If you see a picture in the data below, omit it and copy the rest exactly.
____
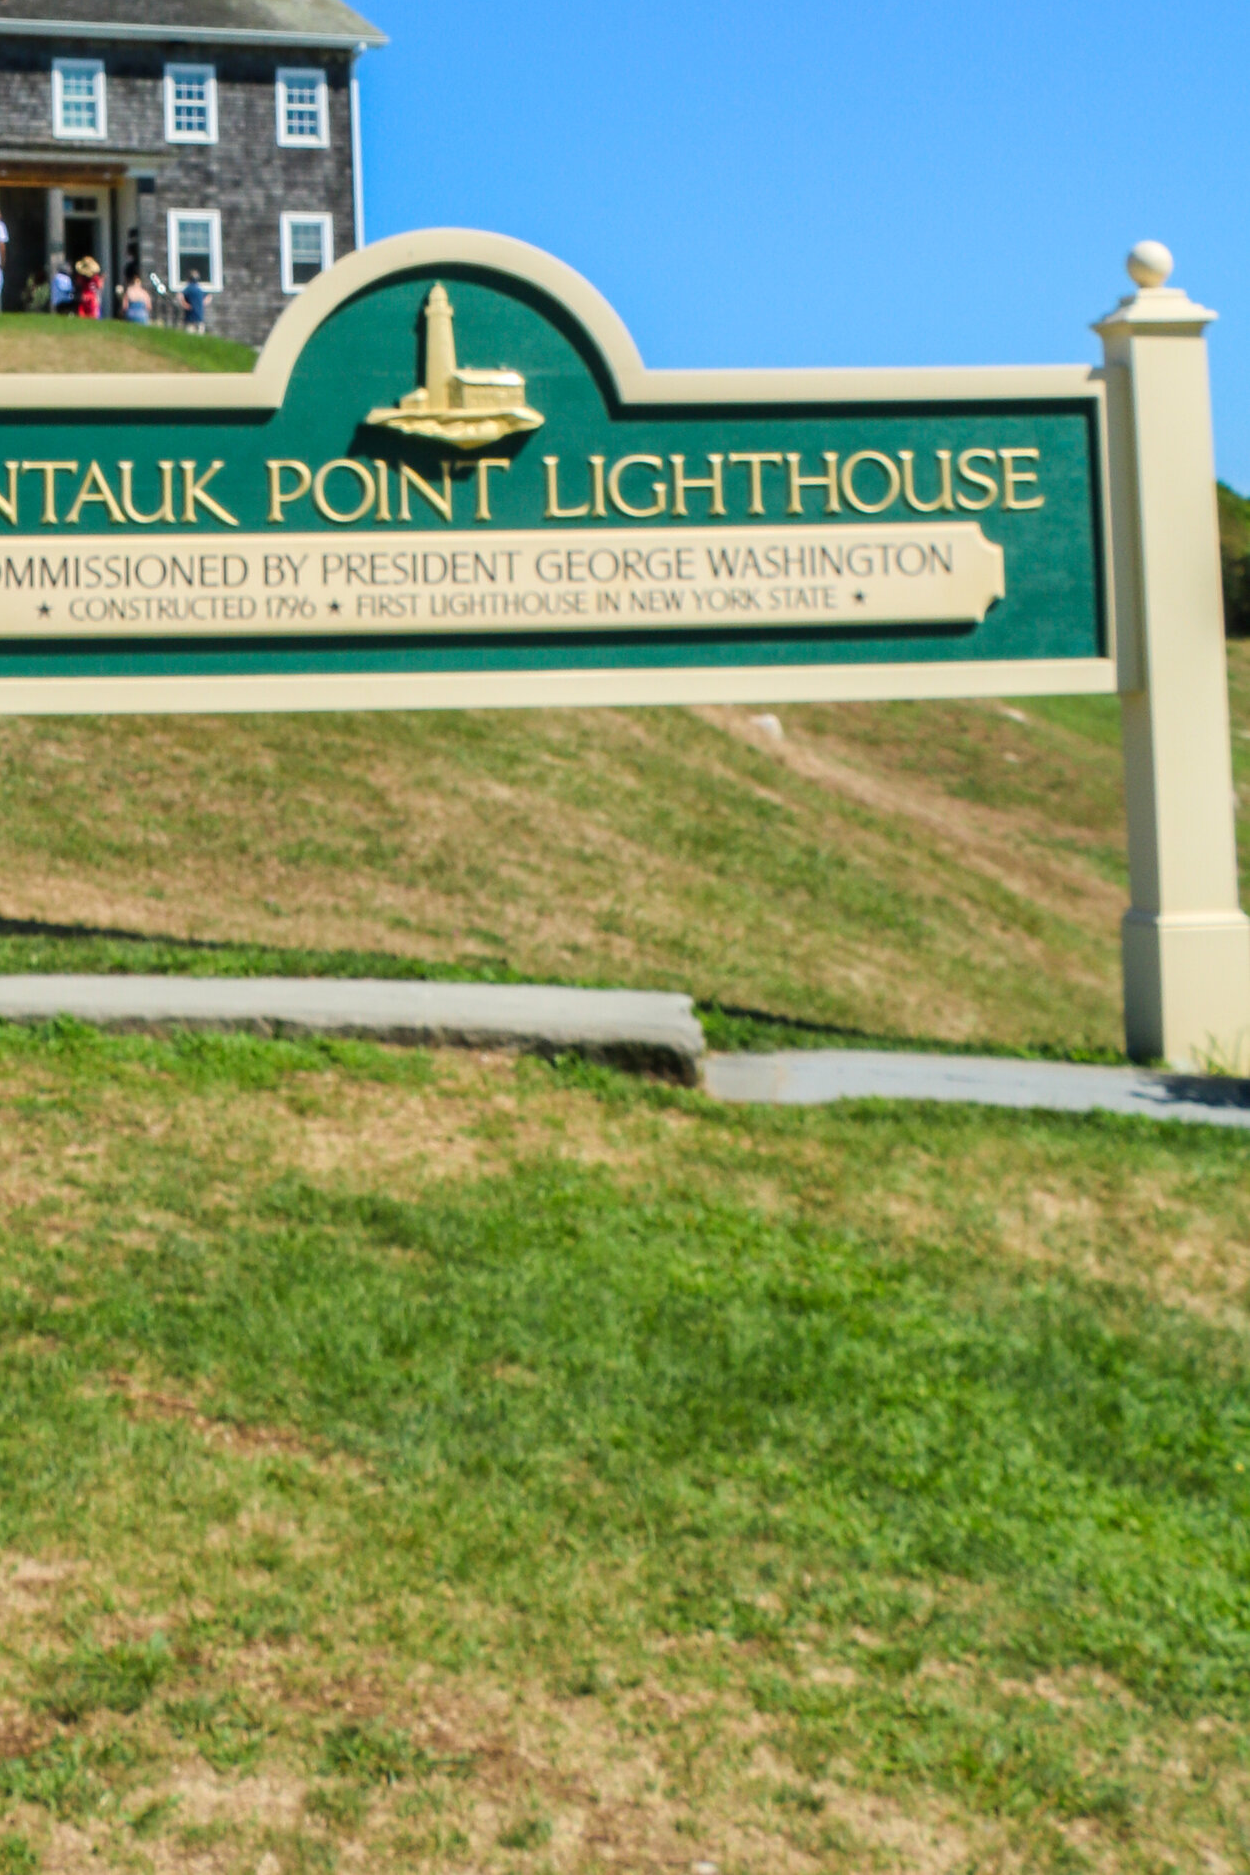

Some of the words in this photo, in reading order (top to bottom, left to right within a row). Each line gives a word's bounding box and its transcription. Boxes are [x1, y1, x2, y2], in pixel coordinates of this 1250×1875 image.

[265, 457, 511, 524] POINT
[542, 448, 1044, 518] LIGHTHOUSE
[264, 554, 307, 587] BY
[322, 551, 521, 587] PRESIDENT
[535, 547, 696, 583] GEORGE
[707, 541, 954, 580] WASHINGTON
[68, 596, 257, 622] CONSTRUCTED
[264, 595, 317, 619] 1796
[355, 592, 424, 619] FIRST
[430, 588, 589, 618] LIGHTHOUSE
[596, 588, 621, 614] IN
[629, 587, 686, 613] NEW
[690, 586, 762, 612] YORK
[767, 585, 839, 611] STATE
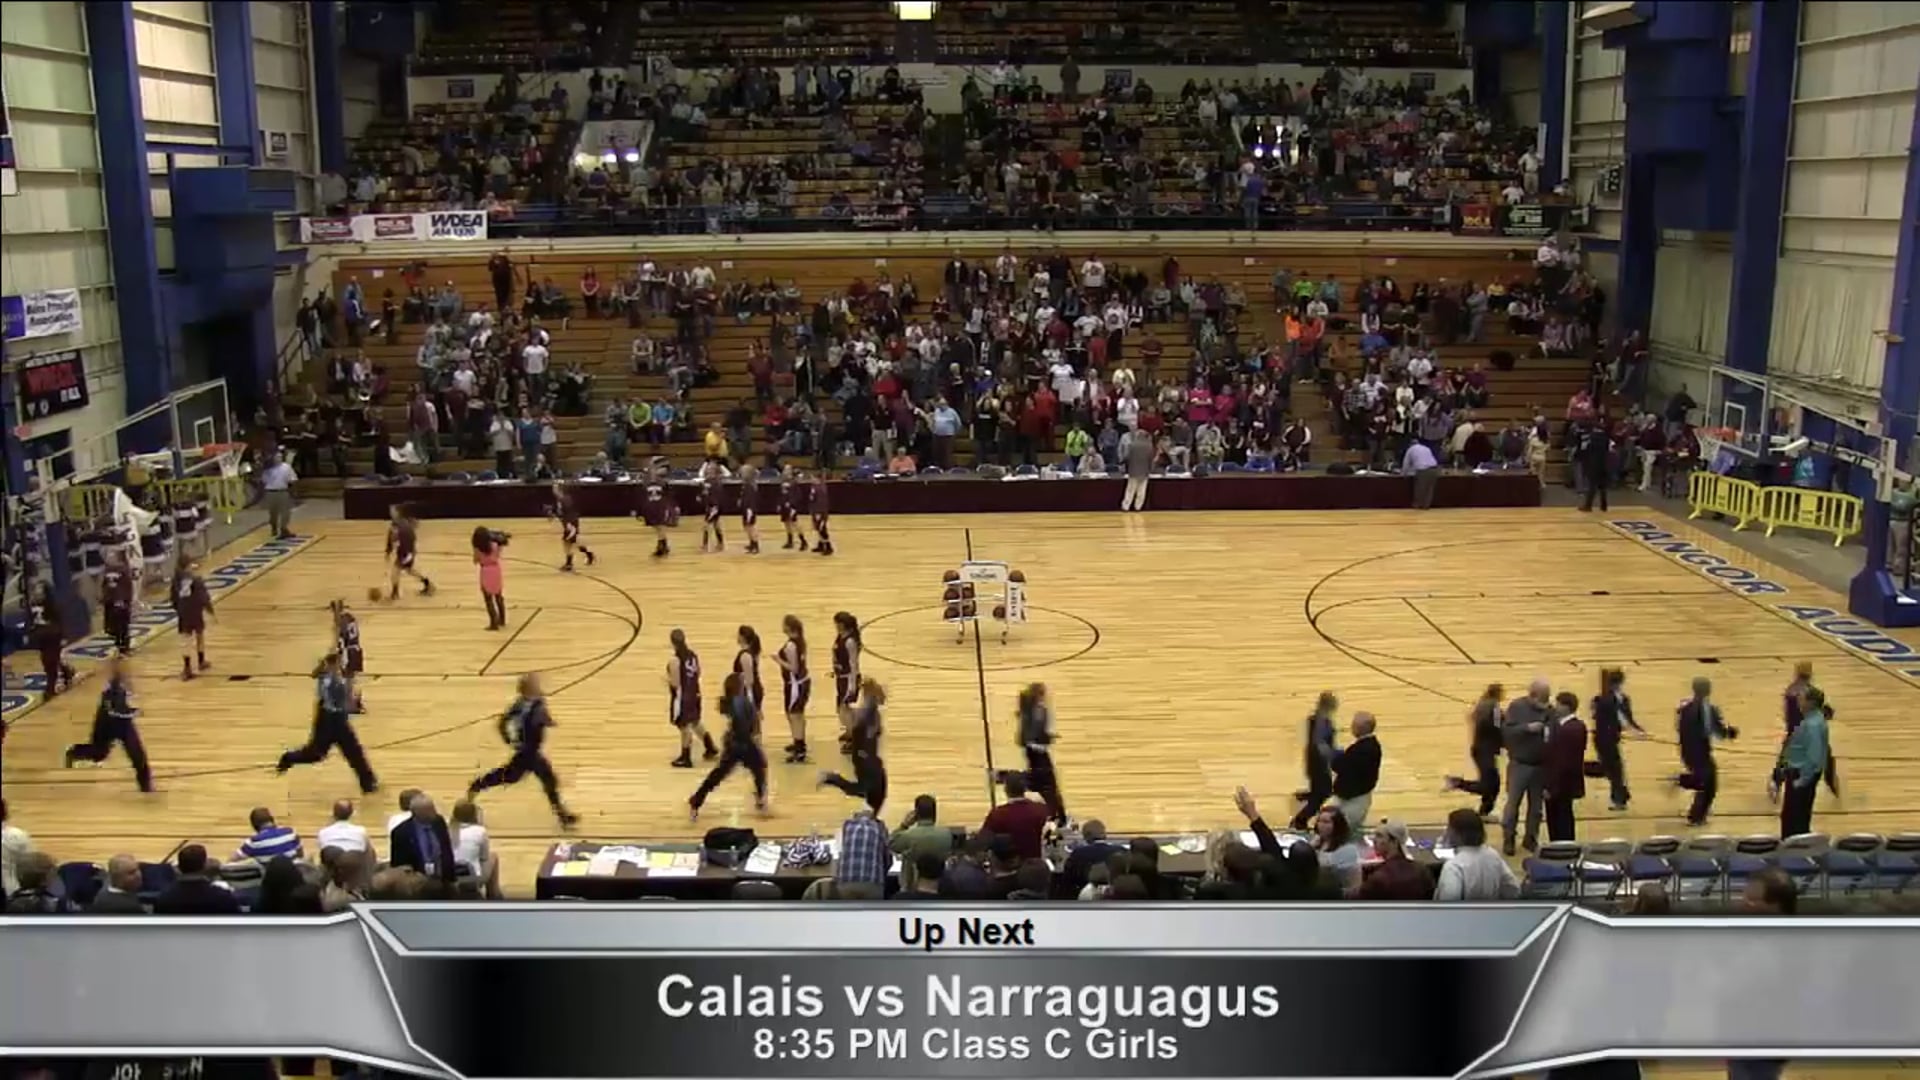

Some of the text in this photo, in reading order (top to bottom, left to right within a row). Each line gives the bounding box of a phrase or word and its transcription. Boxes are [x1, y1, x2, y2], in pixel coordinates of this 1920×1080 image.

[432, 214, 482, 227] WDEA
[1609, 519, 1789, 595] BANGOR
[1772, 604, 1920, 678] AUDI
____
* _Exercise response_:
Some of the words in this photo, in reading order (top to bottom, left to right within a row). Each line gives a word's bounding box and its transcription. Boxes are [x1, y1, x2, y2], in pixel coordinates of this 1250×1875 image.

[265, 457, 511, 524] POINT
[542, 448, 1044, 518] LIGHTHOUSE
[264, 554, 307, 587] BY
[322, 551, 521, 587] PRESIDENT
[535, 547, 696, 583] GEORGE
[707, 541, 954, 580] WASHINGTON
[68, 596, 257, 622] CONSTRUCTED
[264, 595, 317, 619] 1796
[355, 592, 424, 619] FIRST
[430, 588, 589, 618] LIGHTHOUSE
[596, 588, 621, 614] IN
[629, 587, 686, 613] NEW
[690, 586, 762, 612] YORK
[767, 585, 839, 611] STATE

Some of the text in this photo, in reading order (top to bottom, left to right within a row). Each line gives the bounding box of a phrase or word and its transcription. Boxes are [x1, y1, x2, y2], in pixel coordinates of this 1920×1080 image.

[432, 214, 482, 227] WDEA
[1609, 519, 1789, 595] BANGOR
[1772, 604, 1920, 678] AUDI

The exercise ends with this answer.